Skipping review means the agent does not re-read its own output. The review step catches the class of errors that the agent would notice if it looked again: typos, unclear naming, off-by-one errors. Without review, these errors reach the completion report as if they do not exist.
Skipping evaluate means the Evidence Gate never runs. The six criteria (follows codebase patterns, simplest solution, edge cases handled, tests pass, no regressions, solves actual problem) never receive evidence. The completion report contains claims, not proof. Anthropic’s finding that iteration doubles fluency markers maps directly here: the Evidence Gate forces iteration by blocking reports that lack evidence.
Skipping refine means discovered issues are deferred, not fixed. A TODO comment replaces a solution. Deferred Debt accumulates. GitClear measured the downstream effect: refactoring-associated changes fell from 25% to under 10% of all changes in AI-assisted codebases, while code duplication rose from 8.3% to 12.3%.8
Skipping zoom out means the agent never checks integration. The function works. The callers break. Tunnel Vision goes undetected. Anthropic’s -5.2 percentage point drop in “identifying missing context” when artifacts are present describes the same failure from the human side: polished output makes context gaps invisible.

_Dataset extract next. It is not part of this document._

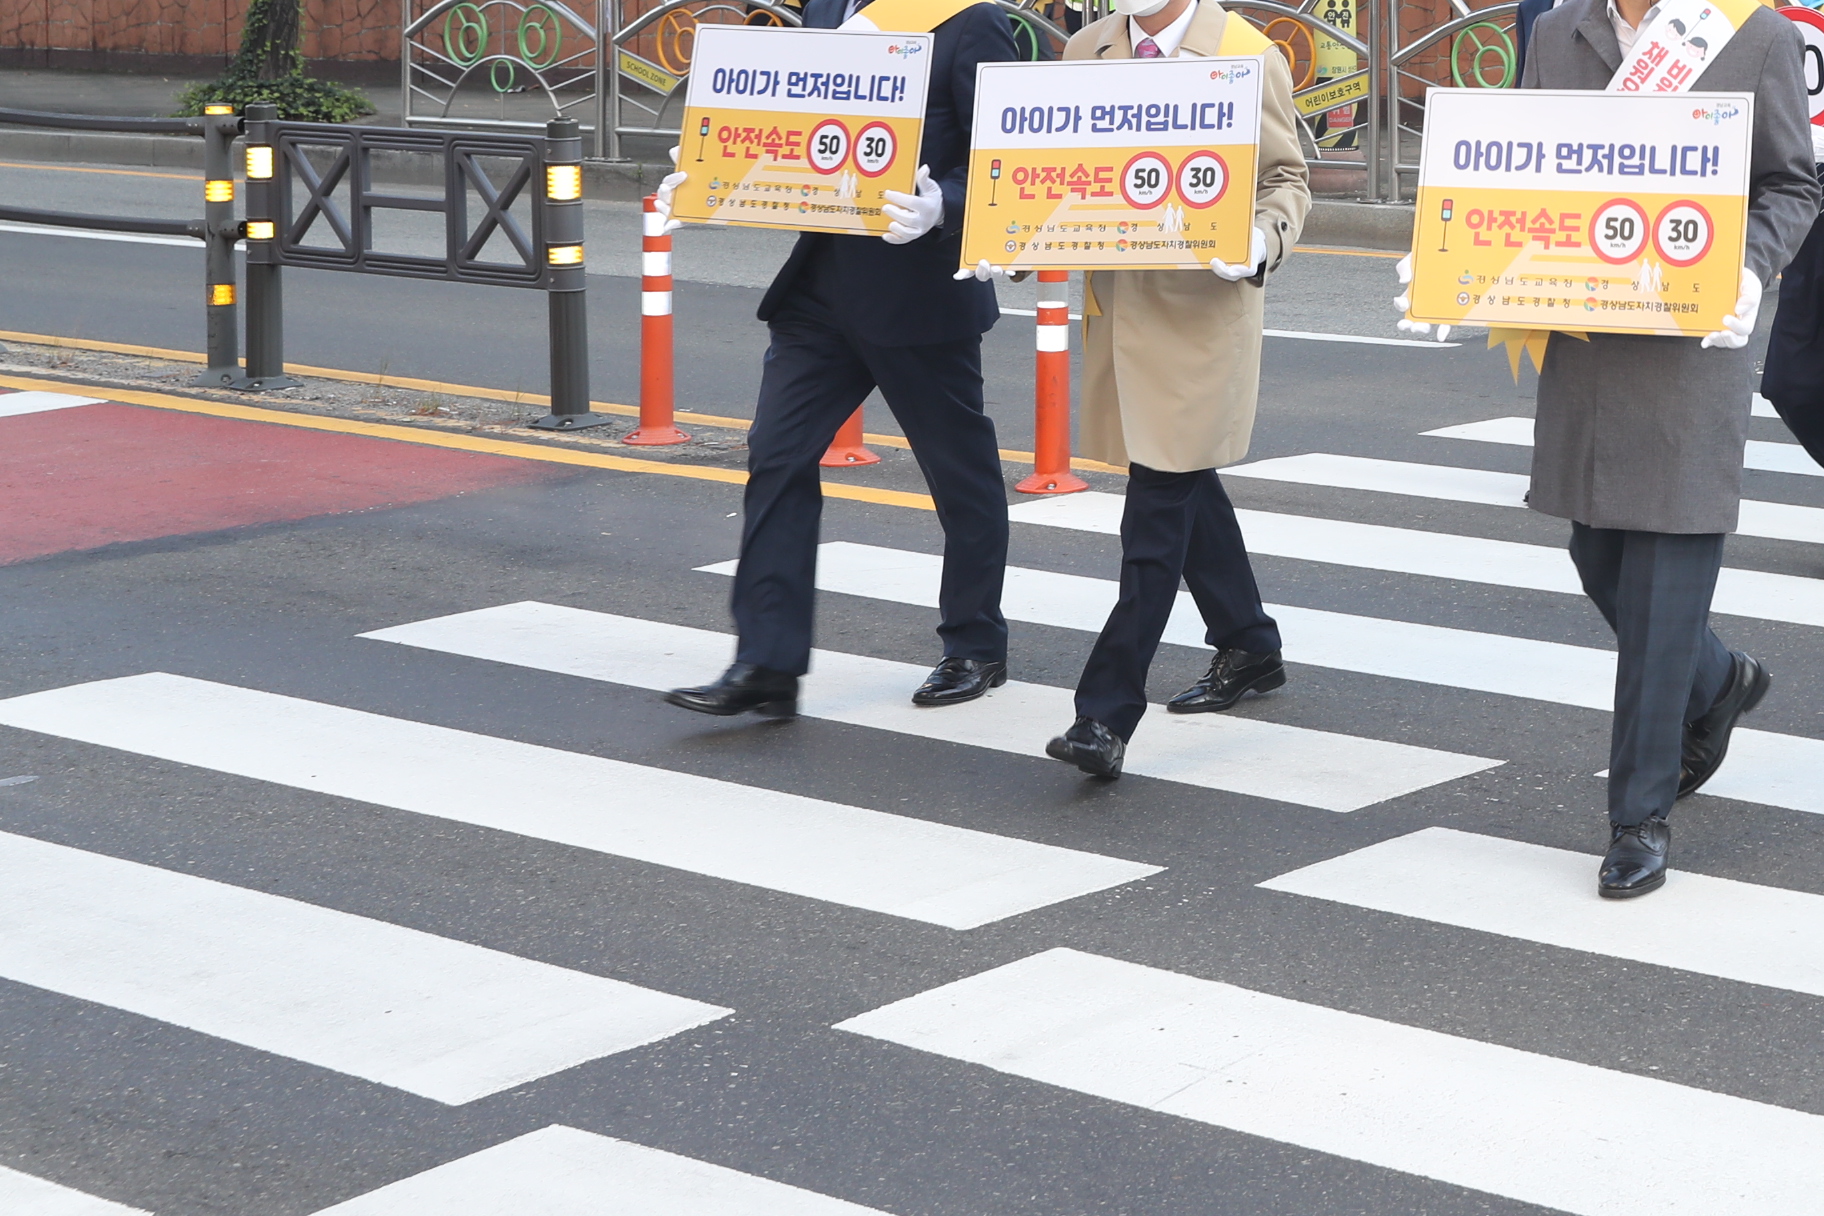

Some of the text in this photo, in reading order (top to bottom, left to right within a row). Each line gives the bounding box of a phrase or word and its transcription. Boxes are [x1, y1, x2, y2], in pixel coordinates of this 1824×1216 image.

Skipping repeat means one pass through the Evidence Gate is treated as sufficient. The first pass catches issues. Fixing those issues may introduce new ones. Without a second pass, the quality of the fix is unverified. The quality loop iterates until all six criteria cite evidence on the same pass. Single-pass never reaches that standard.
From the harness data: the average quality loop catches 3.2 issues per non-trivial change. Of those, 1.1 are caught during review (step 2), 0.8 during evaluate (step 3), and 1.3 during zoom out (step 5). A single-pass agent would ship all 3.2 issues. The review-evaluate-zoom-out sequence eliminates them before the completion report.
The Hedging Language Problem
Anthropic found that iterative users are 5.6x more likely to question the model’s reasoning.1 Hedging language is the inverse signal: the model expressing certainty without being questioned.
Hedging phrases include “should work,” “I’m confident,” “looks correct,” “probably fine,” and “I believe.” Each phrase substitutes a prediction for an observation. “Tests should pass” means the agent predicts the outcome. “14 tests passed, 0 failed” means the agent observed the outcome. The distinction is the difference between Phantom Verification and actual verification.
Xiong et al. found that LLMs express confidence in the 80-100% range regardless of actual accuracy, with GPT-4’s failure prediction barely above random guessing (AUROC 62.7%).9 Kadavath et al. at Anthropic found that models are well-calibrated on familiar tasks but struggle on novel ones, with the qualifier “mostly” concealing systematic blind spots.10 Verbalized confidence is not correlated with correctness. A model saying “I’m confident” provides zero information about whether the code works.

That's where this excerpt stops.